- Relator(a)
- Ministro Ricardo Villas Bôas Cueva
- Órgão julgador
- Terceira Turma
- Data do julgamento
- 28/03/2017
- Data de publicação
- 04/04/2017
STJ – Acórdão, Rel. Ministro Ricardo Villas Bôas Cueva, Terceira Turma, j. 28/03/2017, p. 04/04/2017
RECURSO ESPECIAL. CIVIL. PROCESSUAL CIVIL. USUCAPIÃO ESPECIAL RURAL. REQUISITOS CONFIGURADOS. AQUISIÇÃO DA PROPRIEDADE DA ÁREA USUCAPIENDA. REVALORAÇÃO. PROVAS. VIA ESPECIAL. POSSIBILIDADE. NEGATIVA DE PRESTAÇÃO JURISDICIONAL. AUSÊNCIA DE FUNDAMENTAÇÃO. SÚMULA Nº 284/STF. DISSÍDIO JURISPRUDENCIAL. AUSÊNCIA DE DEMONSTRAÇÃO. 1. Os arts. 1.239 do CC/2002 e 191 da CF definem os requisitos legais da usucapião especial rural (ou Constitucional Rural ou Pro Labore), quais sejam: (i) posse com animus domini pelo prazo de 5 (cinco) anos, sem oposição, (ii) área de terra em zona rural não superior a 50 (cinquenta) hectares, (iii) utilização do imóvel como moradia, tornando-o produtivo pelo trabalho do possuidor ou de sua família, e (iv) não ser o possuidor proprietário de outro imóvel rural ou urbano. 2. Presentes os requisitos legais da usucapião especial rural, impõe-se a declaração da aquisição do domínio da área usucapienda objeto da controvérsia. 3. O Superior Tribunal de Justiça tem entendimento no sentido de que a revaloração das provas e dos fatos expressamente delineados pelas instâncias ordinárias não viola o disposto na Súmula nº 7/STJ. 4. Não há falar em negativa de prestação jurisdicional quando o recurso especial deixa de especificar as supostas omissões ou teses que deveriam ter sido examinadas.

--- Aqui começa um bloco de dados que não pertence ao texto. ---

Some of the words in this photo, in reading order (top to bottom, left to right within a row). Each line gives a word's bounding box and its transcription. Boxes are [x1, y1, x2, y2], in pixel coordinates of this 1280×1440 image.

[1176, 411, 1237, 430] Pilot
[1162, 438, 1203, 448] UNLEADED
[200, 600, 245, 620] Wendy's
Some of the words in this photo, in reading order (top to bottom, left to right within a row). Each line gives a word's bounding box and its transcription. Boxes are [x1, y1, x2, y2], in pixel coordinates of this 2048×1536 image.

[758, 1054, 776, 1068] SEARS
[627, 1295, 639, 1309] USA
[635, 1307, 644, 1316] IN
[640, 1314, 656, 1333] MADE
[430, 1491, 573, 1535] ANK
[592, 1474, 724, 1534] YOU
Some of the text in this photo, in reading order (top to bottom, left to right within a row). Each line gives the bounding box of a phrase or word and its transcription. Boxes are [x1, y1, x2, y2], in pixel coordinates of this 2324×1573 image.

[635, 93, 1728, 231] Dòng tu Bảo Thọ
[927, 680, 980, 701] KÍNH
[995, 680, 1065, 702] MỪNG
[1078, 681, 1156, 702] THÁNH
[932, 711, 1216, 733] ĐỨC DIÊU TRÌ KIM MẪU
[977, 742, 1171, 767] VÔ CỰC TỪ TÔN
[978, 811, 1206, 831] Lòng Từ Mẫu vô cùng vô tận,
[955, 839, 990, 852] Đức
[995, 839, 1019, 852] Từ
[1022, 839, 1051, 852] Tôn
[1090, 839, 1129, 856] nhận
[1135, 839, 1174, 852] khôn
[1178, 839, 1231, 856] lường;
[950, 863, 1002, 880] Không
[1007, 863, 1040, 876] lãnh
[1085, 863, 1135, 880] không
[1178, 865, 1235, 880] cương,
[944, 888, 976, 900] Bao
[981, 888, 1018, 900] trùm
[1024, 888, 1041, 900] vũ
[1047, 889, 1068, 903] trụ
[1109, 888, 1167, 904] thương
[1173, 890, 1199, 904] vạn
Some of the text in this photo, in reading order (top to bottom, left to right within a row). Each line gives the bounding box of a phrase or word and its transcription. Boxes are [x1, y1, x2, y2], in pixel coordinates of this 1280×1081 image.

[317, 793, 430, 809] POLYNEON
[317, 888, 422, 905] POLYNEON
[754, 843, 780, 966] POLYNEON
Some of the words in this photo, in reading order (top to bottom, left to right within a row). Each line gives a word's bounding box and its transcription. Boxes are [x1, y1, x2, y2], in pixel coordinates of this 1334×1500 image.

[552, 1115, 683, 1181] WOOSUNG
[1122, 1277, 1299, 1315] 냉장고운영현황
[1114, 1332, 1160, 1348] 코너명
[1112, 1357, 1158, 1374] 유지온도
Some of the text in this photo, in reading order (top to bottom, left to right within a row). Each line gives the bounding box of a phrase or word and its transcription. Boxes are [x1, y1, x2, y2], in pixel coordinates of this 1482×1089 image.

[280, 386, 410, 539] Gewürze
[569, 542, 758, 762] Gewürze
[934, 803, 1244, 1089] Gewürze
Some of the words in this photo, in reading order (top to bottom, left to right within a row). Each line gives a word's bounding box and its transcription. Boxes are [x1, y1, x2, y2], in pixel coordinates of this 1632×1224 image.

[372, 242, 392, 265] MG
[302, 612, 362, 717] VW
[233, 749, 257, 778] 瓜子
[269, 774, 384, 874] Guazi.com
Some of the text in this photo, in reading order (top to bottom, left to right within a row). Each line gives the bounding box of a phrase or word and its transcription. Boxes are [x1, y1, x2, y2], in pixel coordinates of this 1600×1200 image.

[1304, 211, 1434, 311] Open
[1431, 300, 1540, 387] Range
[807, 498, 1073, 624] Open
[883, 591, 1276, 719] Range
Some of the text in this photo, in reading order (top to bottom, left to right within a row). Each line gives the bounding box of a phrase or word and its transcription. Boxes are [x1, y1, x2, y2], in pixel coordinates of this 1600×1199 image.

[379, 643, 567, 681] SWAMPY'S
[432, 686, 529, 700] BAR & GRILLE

Aplicação da Súmula nº 284 do Supremo Tribunal Federal. 5. A divergência jurisprudencial exige comprovação e demonstração, esta, em qualquer caso, com a transcrição dos julgados que configurem o dissídio, a evidenciar a similitude fática entre os casos apontados e a divergência de interpretações, o que não restou evidenciado na espécie. 6 Recurso especial parcialmente conhecido e, nessa parte, provido. (REsp n. 1.628.618/MA, relator Ministro Ricardo Villas Bôas Cueva, Terceira Turma, julgado em 28/3/2017, DJe de 4/4/2017.)